Former Technology Reporter

Broadcasting & Cable

John Higgins was the most intrepid reporter to cover the media beat in the last quarter-century. He was an original and a consummate friend. He inspired all of us. I will miss him. God bless you, John.

Johnnie Roberts


One time, IAC Chairman Barry Diller was giving his quarterly exhortation in one of the earnings call. Diller was being his usual irascible self, prefacing every answer with his usual, "Well, that's an ignorant question." Then Higgins asks a pointed question about a possible acquisition, to which Diller responds, "Regulation FD rules prevent me from discussing that." Higgins shoots back, "Actually, under Reg FD, this is exactly the kind of forum in which you could answer that question." It was one of the few times I've heard Diller flustered.

But my way to Higgins' heart would always be through music. He joined me to see the Mekons at Maxwell's in Hoboken about 10 years ago.

There we were, two overweight guys bouncing up and down to punk rock without the slightest trace of irony. When the show was over, he looked over at me and said, "Better than Cats."

Derek Caney


We often measured the success of the CTAM Summit in part on whether Higgins would admit he got some news while he was there. It became a metric in our planning: "Will this speaker stand up to the Higgins test?"

Char Beales

President, CTAM

John Higgins was the best financial analyst not on Wall Street.

The skills of being a financial reporter and being a financial analyst are interchangeable. It just depends on who you work for and whether you're governed by securities regulations or the First Amendment.

Like the best reporters or analysts, Higgins built his network well. John was the network; a focal point for ideas, for trades of information and reports, and for spying on the competition. He was, in one human force, what Berlin was to the Cold War, or Hong Kong was to the spies of Asia. Those at the Times or the Journal who didn't hire him because of his rough sartorial habits and similarly rough personality never knew what they missed.

He was quick to judge. Those who burned him once never recovered. But, once judged positively, he was long on friendship, so long as you didn't expect that good friendship was a trade for good journalism.

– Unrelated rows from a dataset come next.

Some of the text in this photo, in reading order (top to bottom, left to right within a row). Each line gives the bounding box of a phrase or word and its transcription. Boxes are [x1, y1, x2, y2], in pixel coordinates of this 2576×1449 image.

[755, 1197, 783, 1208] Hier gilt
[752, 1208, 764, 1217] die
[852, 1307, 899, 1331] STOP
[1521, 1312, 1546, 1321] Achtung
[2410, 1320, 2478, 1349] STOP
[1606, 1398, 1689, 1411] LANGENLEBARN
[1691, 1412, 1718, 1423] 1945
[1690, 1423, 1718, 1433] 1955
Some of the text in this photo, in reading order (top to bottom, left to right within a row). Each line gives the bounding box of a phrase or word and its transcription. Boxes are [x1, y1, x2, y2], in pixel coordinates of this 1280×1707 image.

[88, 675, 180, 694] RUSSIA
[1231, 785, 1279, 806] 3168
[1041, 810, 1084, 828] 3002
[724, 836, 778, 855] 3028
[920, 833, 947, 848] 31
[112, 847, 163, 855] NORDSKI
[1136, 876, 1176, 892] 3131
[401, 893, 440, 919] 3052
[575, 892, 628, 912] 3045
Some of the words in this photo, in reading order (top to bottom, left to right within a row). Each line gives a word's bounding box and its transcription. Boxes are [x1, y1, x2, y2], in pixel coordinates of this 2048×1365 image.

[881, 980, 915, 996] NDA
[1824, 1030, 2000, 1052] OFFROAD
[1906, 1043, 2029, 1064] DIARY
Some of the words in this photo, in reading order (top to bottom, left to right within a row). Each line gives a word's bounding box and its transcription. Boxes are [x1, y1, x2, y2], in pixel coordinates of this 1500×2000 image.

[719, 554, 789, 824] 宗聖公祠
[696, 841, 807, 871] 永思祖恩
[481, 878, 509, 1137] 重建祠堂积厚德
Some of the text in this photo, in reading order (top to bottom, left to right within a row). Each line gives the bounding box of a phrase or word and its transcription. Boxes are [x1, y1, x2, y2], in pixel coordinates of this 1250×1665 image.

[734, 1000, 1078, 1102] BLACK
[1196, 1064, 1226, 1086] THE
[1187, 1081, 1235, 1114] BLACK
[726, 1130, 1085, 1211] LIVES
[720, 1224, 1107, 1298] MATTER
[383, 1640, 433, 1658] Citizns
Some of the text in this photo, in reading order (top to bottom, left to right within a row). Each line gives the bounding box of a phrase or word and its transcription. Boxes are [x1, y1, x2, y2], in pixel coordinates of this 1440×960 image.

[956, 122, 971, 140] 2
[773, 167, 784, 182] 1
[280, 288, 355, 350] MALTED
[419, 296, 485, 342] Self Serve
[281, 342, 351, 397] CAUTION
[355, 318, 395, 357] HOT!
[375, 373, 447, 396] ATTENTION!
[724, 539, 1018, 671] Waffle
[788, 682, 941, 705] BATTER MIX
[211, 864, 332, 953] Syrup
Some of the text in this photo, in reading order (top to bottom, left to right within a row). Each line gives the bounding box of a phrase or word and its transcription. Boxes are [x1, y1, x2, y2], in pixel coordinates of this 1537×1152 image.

Those who know how the media information engine room works, will also know that the impact of this loss will go far wider than this magazine. It is the loss of a man at the center … a man whose tendrils wrapped themselves around and through the entire industry.

John Higgins was the Information Superhighway.

Tom Wolzien

Media Analyst

Higgins knew how to develop sources and, in our case at Lifetime, certainly among women. I don't think there are many reporters who supply their contacts with Prada sample-sales alerts as John did regularly.

John was a true original. At his wedding, when taking his vows, he boomed "I, Higgins, take thee, Debbie…." The wedding program announced that, despite his vows, "Higgins will be keeping his name."

We will all keep his memory in our hearts. We were lucky and blessed to know him, and our love goes out to his family and especially Debbie.